**What to produce:**
Return each entry word for word and skip its pictures.

════════════════════

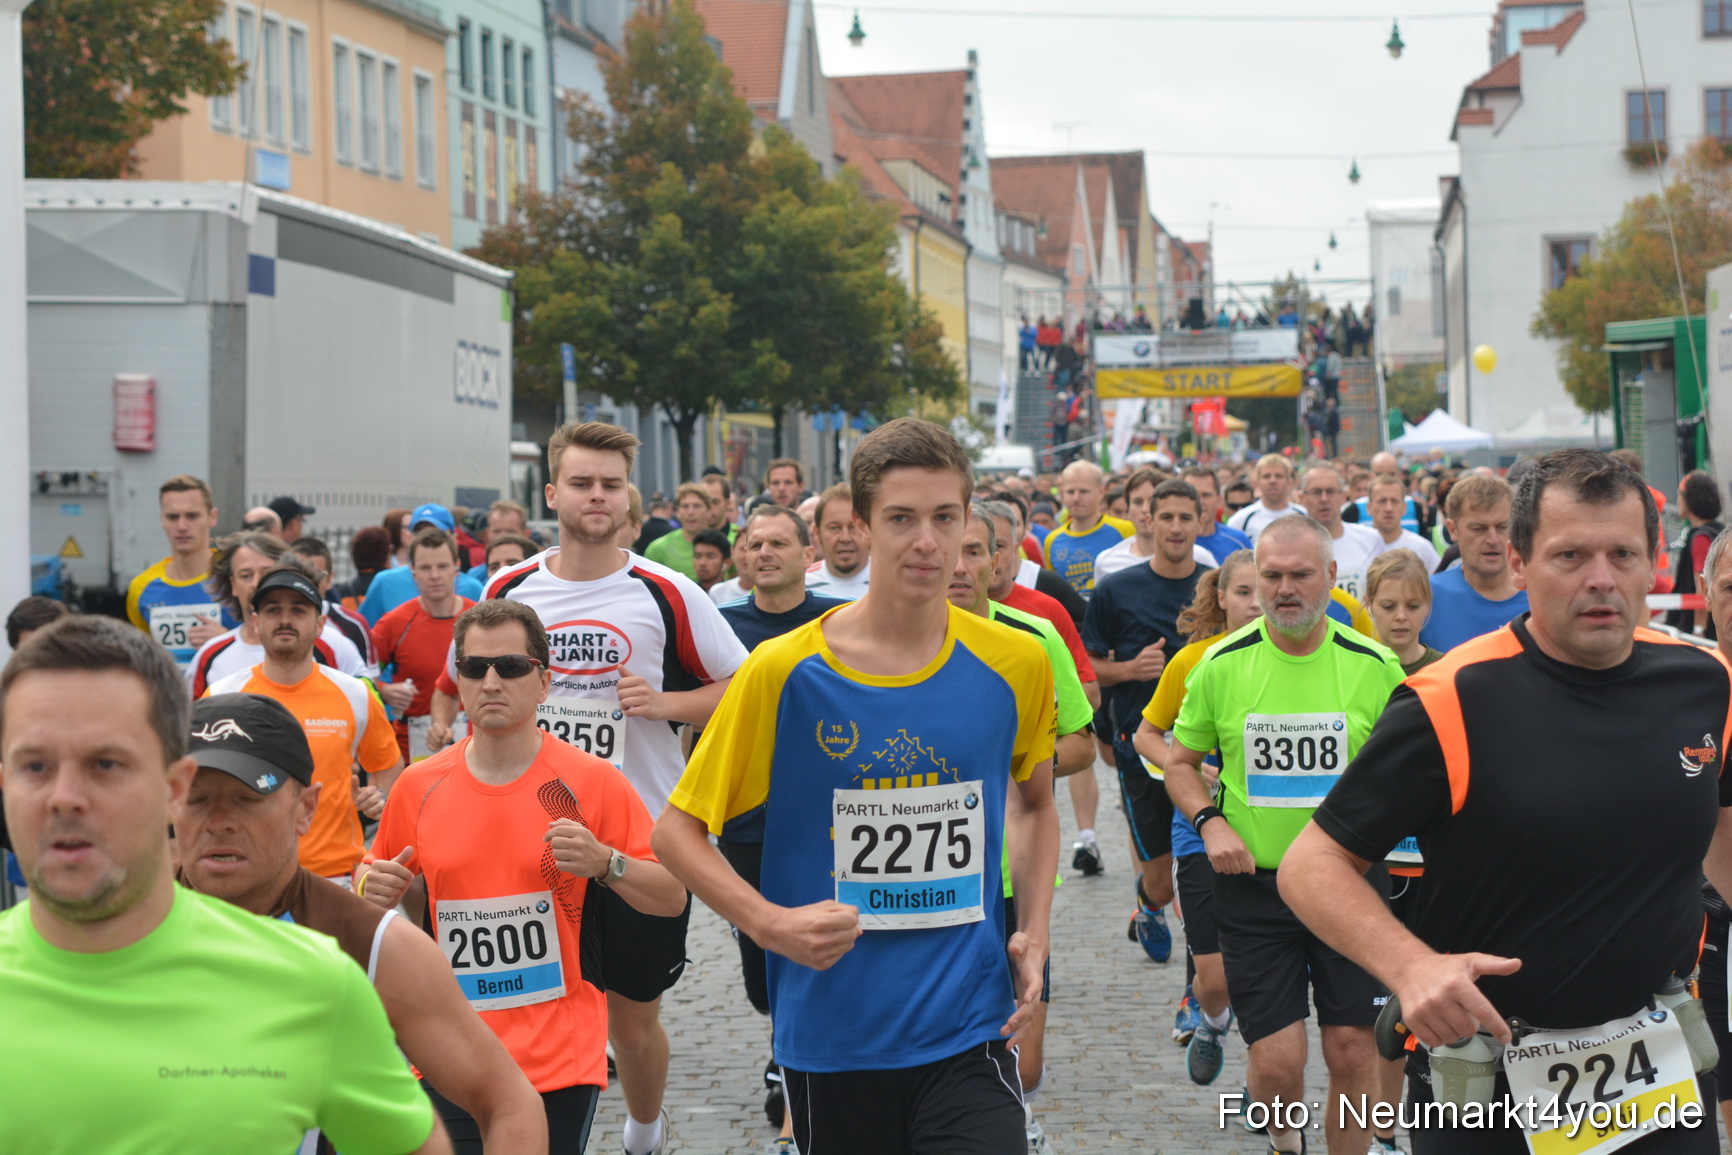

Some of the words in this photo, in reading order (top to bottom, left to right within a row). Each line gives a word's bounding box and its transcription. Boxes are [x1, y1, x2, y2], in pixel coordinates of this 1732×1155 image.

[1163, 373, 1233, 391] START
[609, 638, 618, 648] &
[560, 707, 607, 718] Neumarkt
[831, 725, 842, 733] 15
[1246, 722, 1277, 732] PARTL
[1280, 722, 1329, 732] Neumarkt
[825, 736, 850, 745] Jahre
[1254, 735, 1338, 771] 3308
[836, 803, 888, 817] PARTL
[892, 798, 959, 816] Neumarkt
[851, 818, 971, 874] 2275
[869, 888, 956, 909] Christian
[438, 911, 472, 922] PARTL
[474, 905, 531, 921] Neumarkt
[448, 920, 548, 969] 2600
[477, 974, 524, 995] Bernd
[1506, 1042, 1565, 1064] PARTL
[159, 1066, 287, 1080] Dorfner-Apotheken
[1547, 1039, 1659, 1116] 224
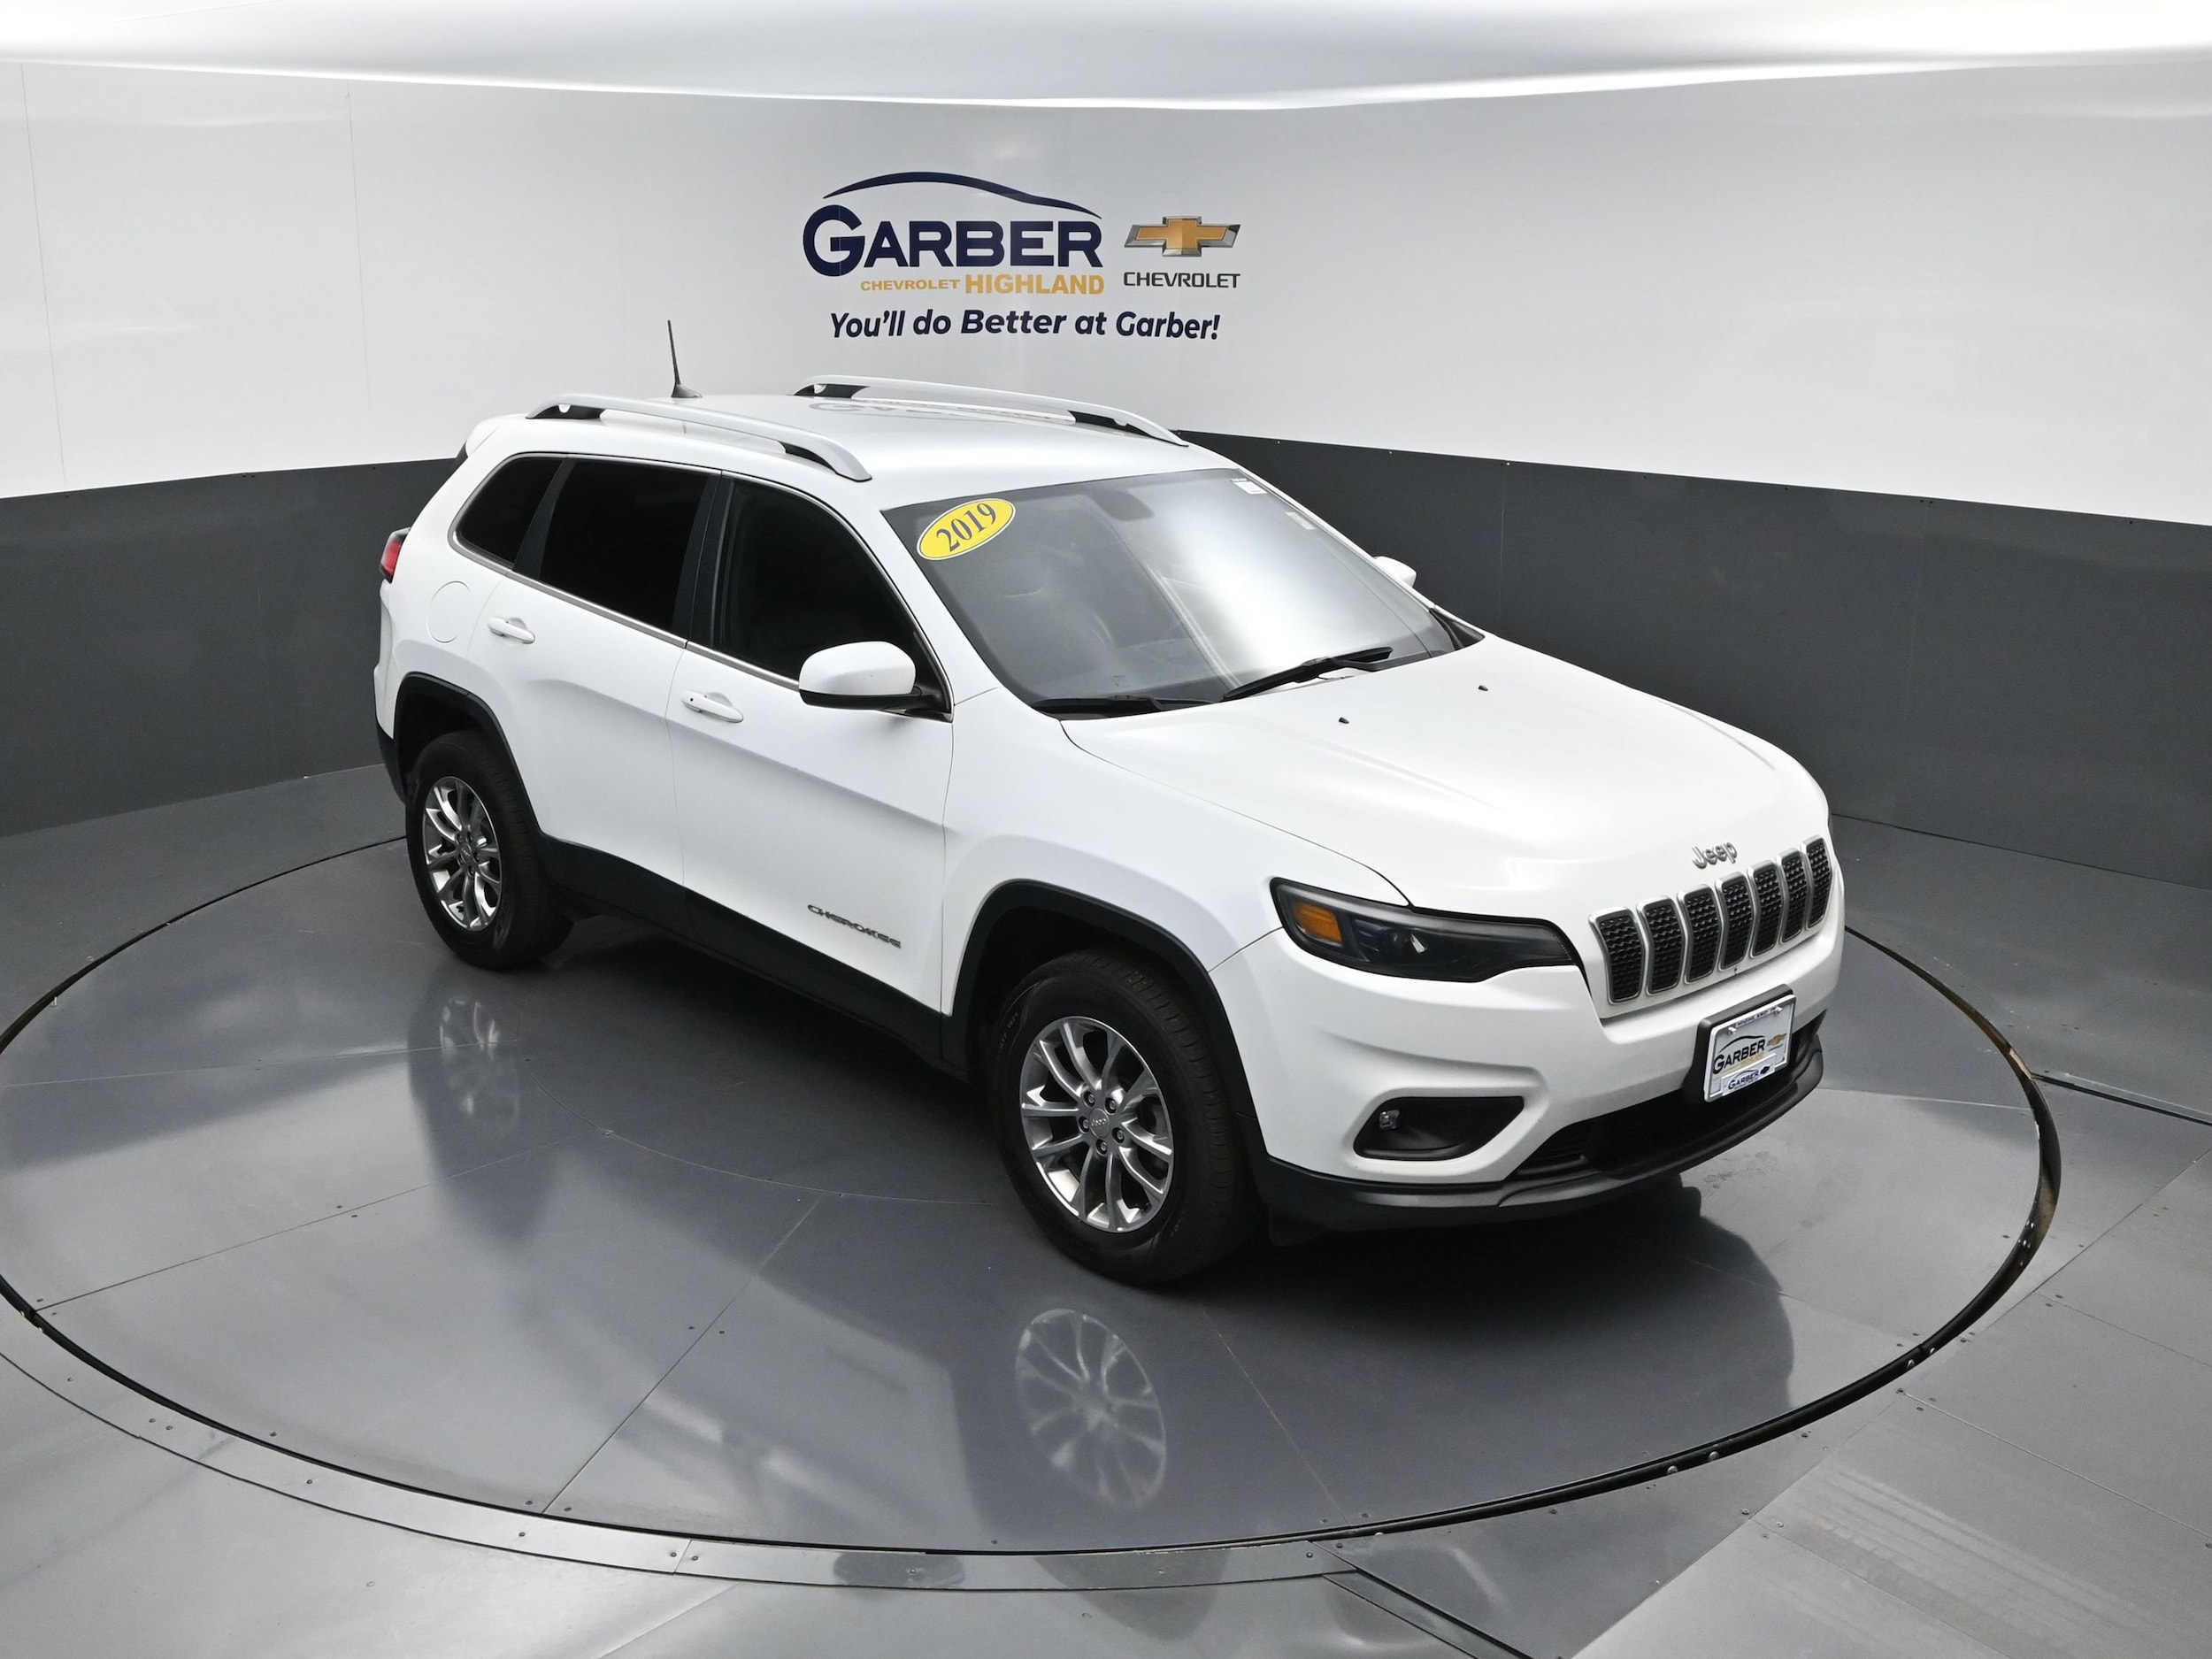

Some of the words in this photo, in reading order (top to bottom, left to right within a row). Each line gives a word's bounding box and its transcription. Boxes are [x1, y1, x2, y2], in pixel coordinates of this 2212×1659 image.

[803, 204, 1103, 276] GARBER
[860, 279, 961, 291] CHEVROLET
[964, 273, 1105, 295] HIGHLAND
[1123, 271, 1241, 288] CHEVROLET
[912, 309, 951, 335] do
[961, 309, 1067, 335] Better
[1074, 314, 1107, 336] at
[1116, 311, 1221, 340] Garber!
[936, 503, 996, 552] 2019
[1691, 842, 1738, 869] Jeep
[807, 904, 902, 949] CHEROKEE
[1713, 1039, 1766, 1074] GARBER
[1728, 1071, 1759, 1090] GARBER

════════════════════

**Finished task:**
Some of the words in this photo, in reading order (top to bottom, left to right within a row). Each line gives a word's bounding box and its transcription. Boxes are [x1, y1, x2, y2], in pixel coordinates of this 1732×1155 image.

[1163, 373, 1233, 391] START
[609, 638, 618, 648] &
[560, 707, 607, 718] Neumarkt
[831, 725, 842, 733] 15
[1246, 722, 1277, 732] PARTL
[1280, 722, 1329, 732] Neumarkt
[825, 736, 850, 745] Jahre
[1254, 735, 1338, 771] 3308
[836, 803, 888, 817] PARTL
[892, 798, 959, 816] Neumarkt
[851, 818, 971, 874] 2275
[869, 888, 956, 909] Christian
[438, 911, 472, 922] PARTL
[474, 905, 531, 921] Neumarkt
[448, 920, 548, 969] 2600
[477, 974, 524, 995] Bernd
[1506, 1042, 1565, 1064] PARTL
[159, 1066, 287, 1080] Dorfner-Apotheken
[1547, 1039, 1659, 1116] 224

Some of the words in this photo, in reading order (top to bottom, left to right within a row). Each line gives a word's bounding box and its transcription. Boxes are [x1, y1, x2, y2], in pixel coordinates of this 2212×1659 image.

[803, 204, 1103, 276] GARBER
[860, 279, 961, 291] CHEVROLET
[964, 273, 1105, 295] HIGHLAND
[1123, 271, 1241, 288] CHEVROLET
[912, 309, 951, 335] do
[961, 309, 1067, 335] Better
[1074, 314, 1107, 336] at
[1116, 311, 1221, 340] Garber!
[936, 503, 996, 552] 2019
[1691, 842, 1738, 869] Jeep
[807, 904, 902, 949] CHEROKEE
[1713, 1039, 1766, 1074] GARBER
[1728, 1071, 1759, 1090] GARBER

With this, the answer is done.